While working as a waiter at the Curtis Hotel, Anthony Cassius learned that white waiters were making $50 more per month than black wait staff. This was probably no shock to him. Cassius found work in hotels early in his life after moving from Oklahoma with his brother at the age of thirteen. He began cleaning spittoons and toilets while sleeping on a mattress in the basement of the Merchants Hotel in St. Paul. But if he wanted to fight for equal pay, Cassius knew he would have to act by the book, and that meant first pleading his case to the Hotel and Restaurant Workers Union. He forgave him. Minneapolis gained a reputation as a union town after the Teamsters’ fight to form a union in 1934, where a general strike turned into an open street fight, injuring more than sixty unarmed union members and killing two. The Teamsters finally gained recognition and better pay. But black workers were rarely given such protections, because most unions excluded minorities.
The willingness to accept black members was not universal among unions within the city or state. It was imperfect, but it was a start.
Cassius formed a union specifically for black workers at the hotel and sued the Curtis Hotel for unpaid wages. Around the same time he began meeting other workers who were marginalized or otherwise left out of the bargaining table. In 1935 Cassius’ group broke with the Bulgarian-Macedonian Workers’ Club and the Swedish Workers’ Club, and shortly afterwards he decided to form Local 665 of the Hotel and Restaurant Workers’ International Union, one of the earliest integrated unions in the state. Cassius found a home with radical labor activists, lawyers who were sympathetic to black workers at Curtiss, even forming an alliance with the Teamsters. Their show of strength and solidarity paid off; In 1940 the hotel agreed to a wage increase for black waiters, increasing wages by $3,500. Interestingly, it received little mention in the city’s daily newspapers, the exception being the Black Press, where the story was given a front-page story worthy of such a significant victory: “Veterans Raise $13,000.”
It felt like a fertile time to organize in Minneapolis, especially if you found yourself on the bottom rung of the caste system within Minnesota. The jobs available to black people in Minneapolis were merely an echo of the recent past; The corridors of the larger house were traded to paying customers. It was little better for Jewish workers. Minneapolis was rapidly gaining a reputation as an outpost of anti-Semitism in the new West. That’s what made an integrated union possible, a place where black workers, Jews, and Eastern European immigrants whose English kept them outside the bounds of politeness could come together to improve the prospects for all. Socialists, communists, everyone came together to find the cause. They occupied the same place at the back of the house. They had only poor salaries and nothing to show for it, while they served a class of politicians and bank presidents who would otherwise not give them the time of day. Solidarity became a numbers game.

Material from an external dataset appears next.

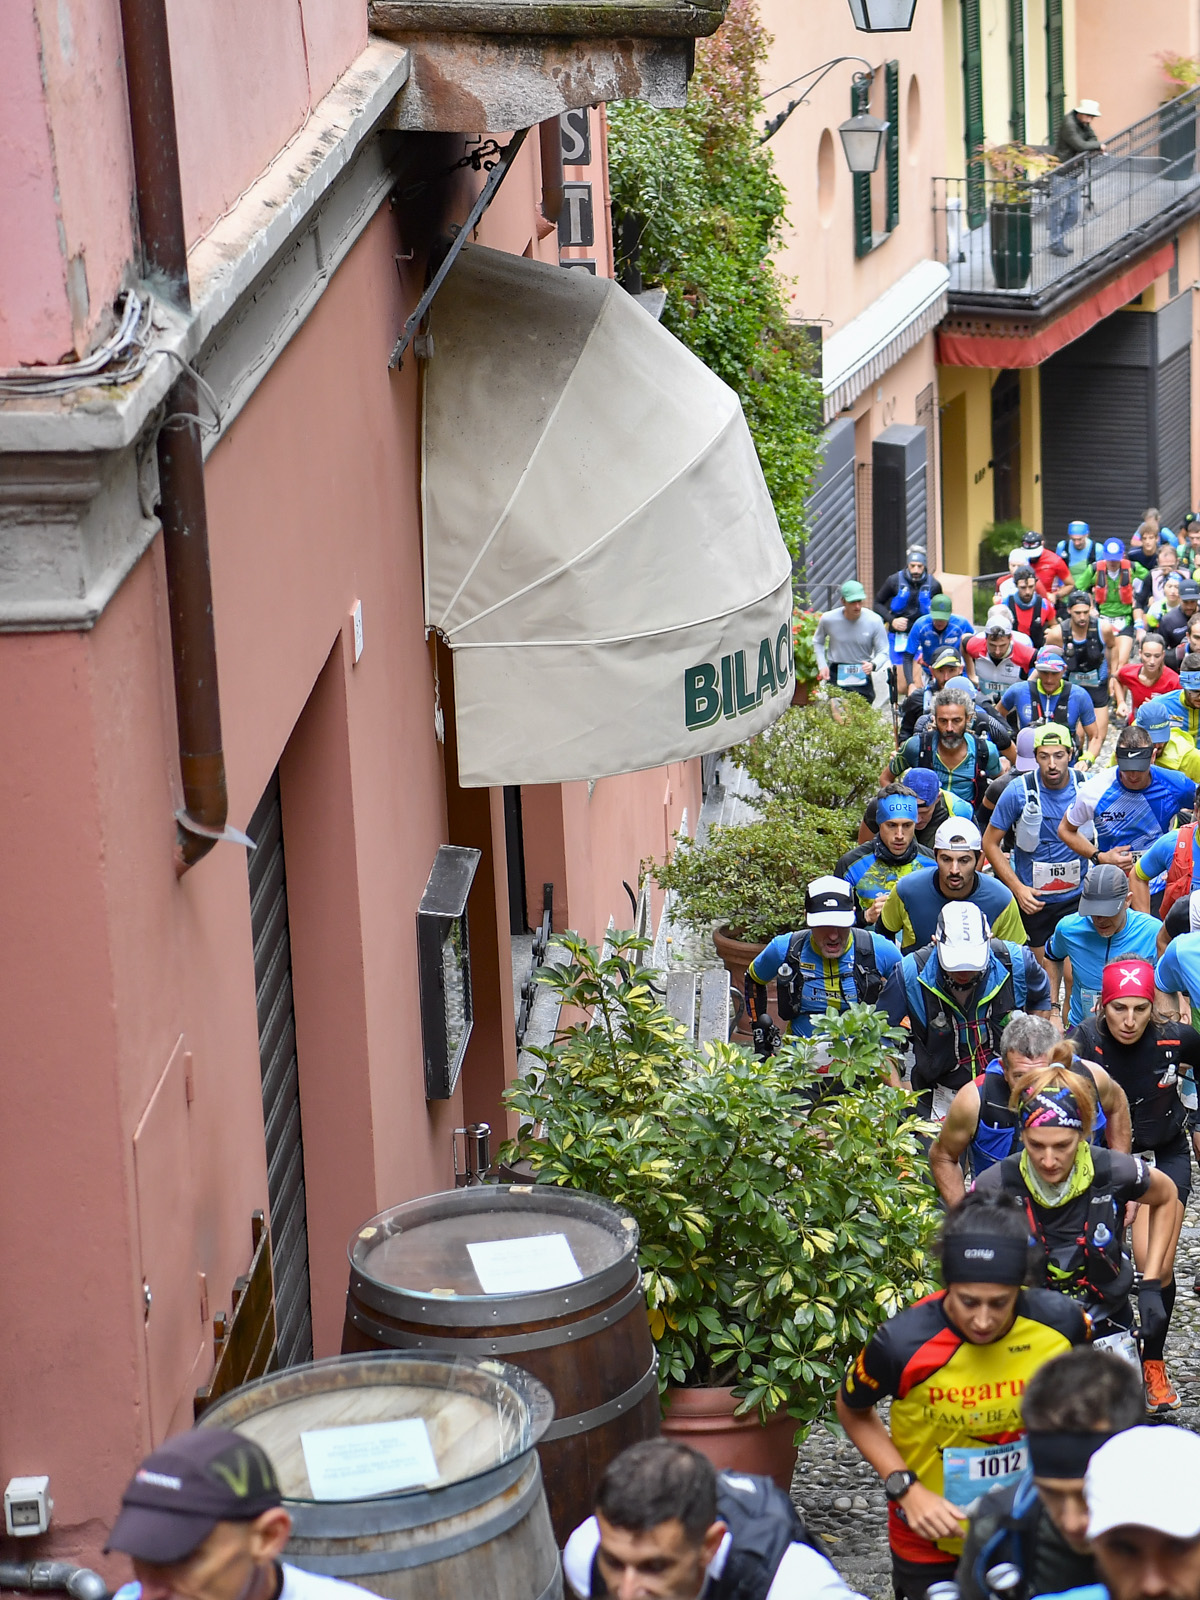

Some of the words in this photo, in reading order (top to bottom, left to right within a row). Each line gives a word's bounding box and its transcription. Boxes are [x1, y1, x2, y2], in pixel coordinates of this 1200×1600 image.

[889, 803, 913, 812] GORE
[1049, 867, 1066, 877] 163
[922, 1404, 965, 1425] TEAM
[978, 1451, 1022, 1477] 1012

A similar scene to Curtis’s event was being played out at the Minneapolis Athletic Club. Founded as a men’s club dedicated to fitness, the fourteen-story building became a gilded clubhouse. The lobby was decorated with lush mahogany, and the ceilings above had panels in ivory and bronze tones to evoke the earlier Greek Empire. Wandering throughout the building you’ll find squash courts, a bowling alley and an underground pool. On the thirteenth floor there was a four hundred-seat dining room, surrounded by columns extending from the floor to the spectator deck, where you could fully enjoy the nightly entertainment. Money strolled the corridors, made himself comfortable in the lounge, hung out with friends. And behind the scenes, in the elevators and kitchens and basements, you’ll find the people who kept it going. Porters and coat check attendants, service elevator operators, all black. The waiters and maids, the managers who ran the departments, white. “Black department” is the phrase that some people will start using to describe the status quo. An informal label for secession in which no clear laws existed. When the day started they would have lunch at different places, and by the end of the day they would change uniforms at their respective places.

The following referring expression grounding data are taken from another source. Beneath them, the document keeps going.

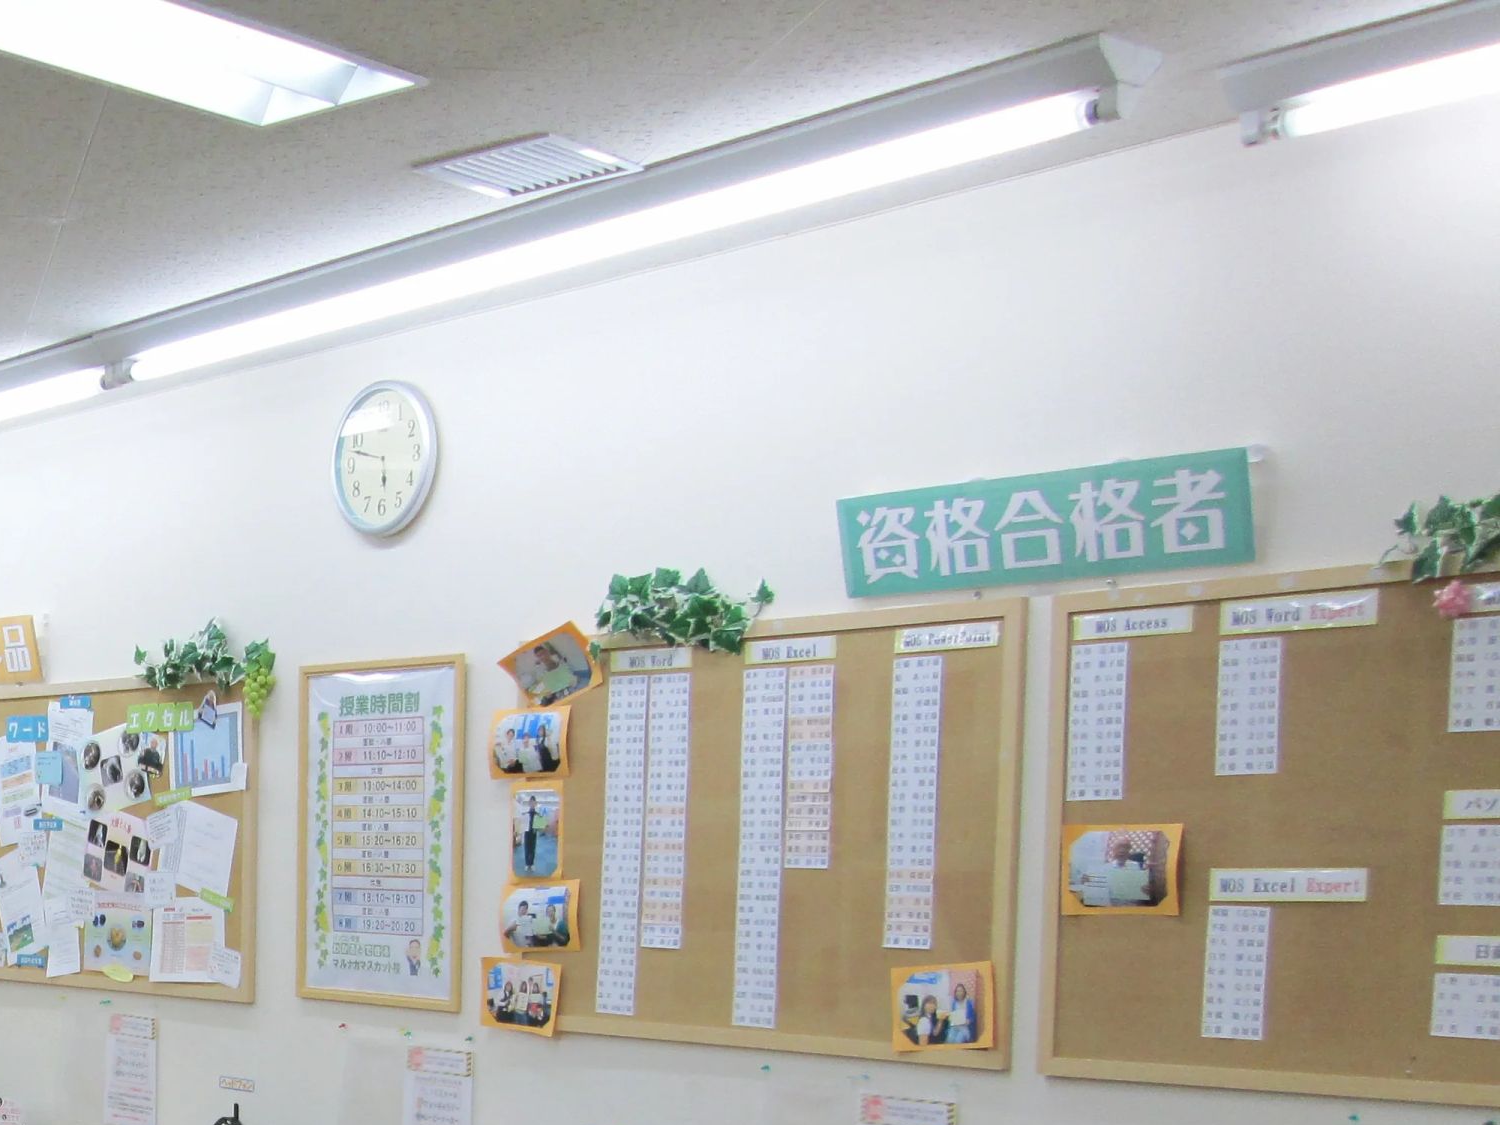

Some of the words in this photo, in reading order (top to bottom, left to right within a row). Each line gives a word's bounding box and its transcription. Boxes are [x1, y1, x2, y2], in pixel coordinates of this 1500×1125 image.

[407, 419, 416, 438] 2
[412, 444, 421, 461] 3
[346, 457, 355, 475] 9
[405, 469, 414, 486] 4
[352, 480, 361, 497] 8
[363, 496, 371, 513] 7
[377, 498, 386, 516] 6
[394, 491, 403, 508] 5
[855, 468, 1227, 585] 資格合格者
[1265, 607, 1300, 623] Word
[1124, 617, 1169, 631] Access
[785, 643, 818, 658] Excel
[650, 654, 674, 667] Word
[339, 691, 420, 717] 授業時間割
[129, 704, 190, 729] エクセル
[8, 721, 47, 740] ワード
[1253, 877, 1296, 893] Excel
[1306, 877, 1361, 894] Expert

Nellie Stone Johnson was a service elevator operator at the Minneapolis Athletic Club when George Naumoff, a Greek employee who operated freight elevators at the club, approached her. He was plotting with Cassius about the idea of a unified hotel workers union, and they needed more people to join the cause. When it came to organizing, there were many causes that caught Johnson’s attention. She was the daughter of black farmers who organized an agricultural cooperative in Dakota County, twenty miles south of the Twin Cities. While studying at the University of Minnesota, Johnson was as interested in meetings with young socialists and communists as he was in the classroom. She was curious and had a talent for bringing people together. Her job as an elevator operator at the Athletic Club meant that a day spent riding between floors would put her face to face with nearly every black worker in the building. This Face Time gave them the opportunity to make a union pitch.

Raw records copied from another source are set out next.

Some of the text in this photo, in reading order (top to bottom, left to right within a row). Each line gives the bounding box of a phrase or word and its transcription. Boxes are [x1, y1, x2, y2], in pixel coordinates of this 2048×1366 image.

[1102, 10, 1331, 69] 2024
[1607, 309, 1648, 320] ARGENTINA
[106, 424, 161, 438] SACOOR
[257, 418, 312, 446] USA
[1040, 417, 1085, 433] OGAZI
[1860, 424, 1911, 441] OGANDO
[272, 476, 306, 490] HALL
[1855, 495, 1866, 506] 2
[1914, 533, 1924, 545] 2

Like Cassius, Johnson found something solid in unions. Joining Local 665 gave her the leverage she needed to help raise wages for black workers as well as women at the Athletic Club. In 1936 Johnson was elected vice president of Local 665, a move that elevated him into statewide union discussions for restaurant and hotel workers. Here she could have a seat at the table and help set the conditions of life for black workers. This was real agency, no pretense of good will and charity. The willingness to accept black members was not universal among unions within the city or state. It was imperfect, but it was a start.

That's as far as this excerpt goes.